Sterling dropped to 1.109 against the euro, having been as high as 1.117 earlier.
It follows an announcement from the EU’s chief Brexit negotiator, Michel Barnier, that the UK and EU had reached a “deadlock” in the Brexit negotiations.
Sterling also dropped against the US dollar, from 1.32 to 1.31.
Barnier told reporters in Brussels on Thursday that on the issue of the financial settlement, there have “been no negotiations”.
“On this question we have reached a state of deadlock which is very disturbing for thousands of project promoters in Europe and it’s disturbing also for taxpayers,” he added.
Barnier told a news conference that negotiators “worked in a constructive spirit” and clarified points, but were unable to make “any great steps forward”.
He added: “There is a new momentum and I remain convinced today that with political will, decisive progress is within our grasp in the next two months.”
The amount of money the UK will pay to meet financial commitments it made while still a member has been one of the main stumbling blocks in the negotiations.
Barnier said Britain had told the EU that it was not ready to specify how much it believed it should pay.
“Regarding that question we are at an impasse, which is very worrying for thousands of projects everywhere in Europe and also worrying for those who contribute,” Reuters reports.
Barnier said he was still convinced that decisive progress was possible in the next two months given political will.
Brexit Secretary David Davis said he made “not secret of the fact that to provide certainty, we must talk about the future”.
This is just the latest drop in the value of the pound since the UK voted to leave the European Union.

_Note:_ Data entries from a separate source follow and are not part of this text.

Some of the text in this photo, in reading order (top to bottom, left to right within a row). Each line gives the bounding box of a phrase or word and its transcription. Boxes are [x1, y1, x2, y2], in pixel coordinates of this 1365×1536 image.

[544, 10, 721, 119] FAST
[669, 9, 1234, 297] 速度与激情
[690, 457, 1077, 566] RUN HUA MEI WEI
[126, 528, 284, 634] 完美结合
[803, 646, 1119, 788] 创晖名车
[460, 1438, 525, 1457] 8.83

Before the referendum the pound was at 1.30 against the euro.
The lowest that Sterling has dropped since the June 23 referendum was in August this year when it slumped to 1.08.
Sterling later recovered its earlier losses against the euro and was trading at 1.121 at around 6pm.

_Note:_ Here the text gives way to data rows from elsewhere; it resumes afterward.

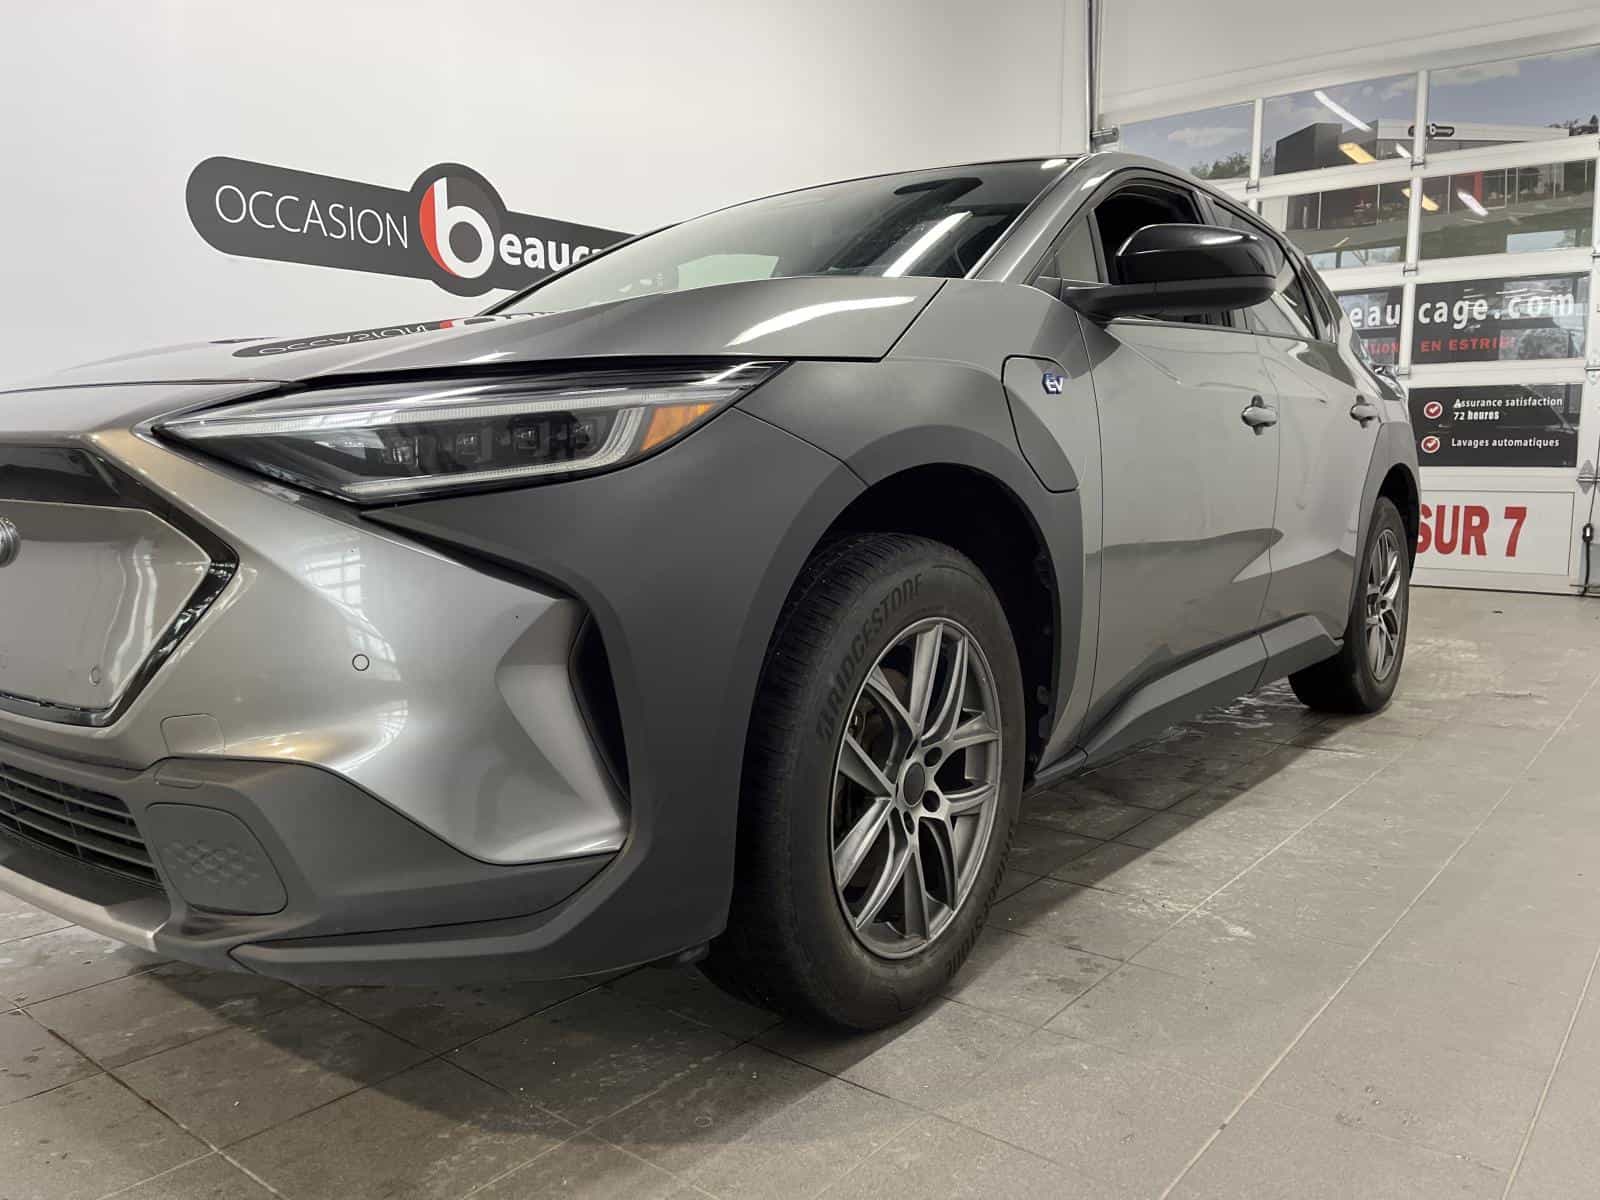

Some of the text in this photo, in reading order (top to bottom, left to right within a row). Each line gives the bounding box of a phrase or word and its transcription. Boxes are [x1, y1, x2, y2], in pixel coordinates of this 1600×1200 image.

[215, 185, 408, 249] OCCASION
[1420, 340, 1442, 353] EN
[1043, 373, 1064, 394] EV
[1453, 396, 1563, 409] Assurance satisfaction
[1453, 410, 1500, 421] 72 heures
[1451, 437, 1560, 449] Lavages automatiques
[1504, 506, 1527, 557] 7
[815, 572, 923, 744] BRIDGESTONE

Despite Barnier’s comments, Theresa May insisted that the UK was making good progress in its divorce talks with the EU.
“There has actually been good progress made in these talks, and Michel Barnier himself has recognised that over the coming weeks we will be able to make constructive progress as well,” the Prime Minister said.
″(We) also want to ensure that we get onto that business of talking about the future relationship, the future partnership we’re going to have with the EU.... We look forward to moving on to being able to talk about that.”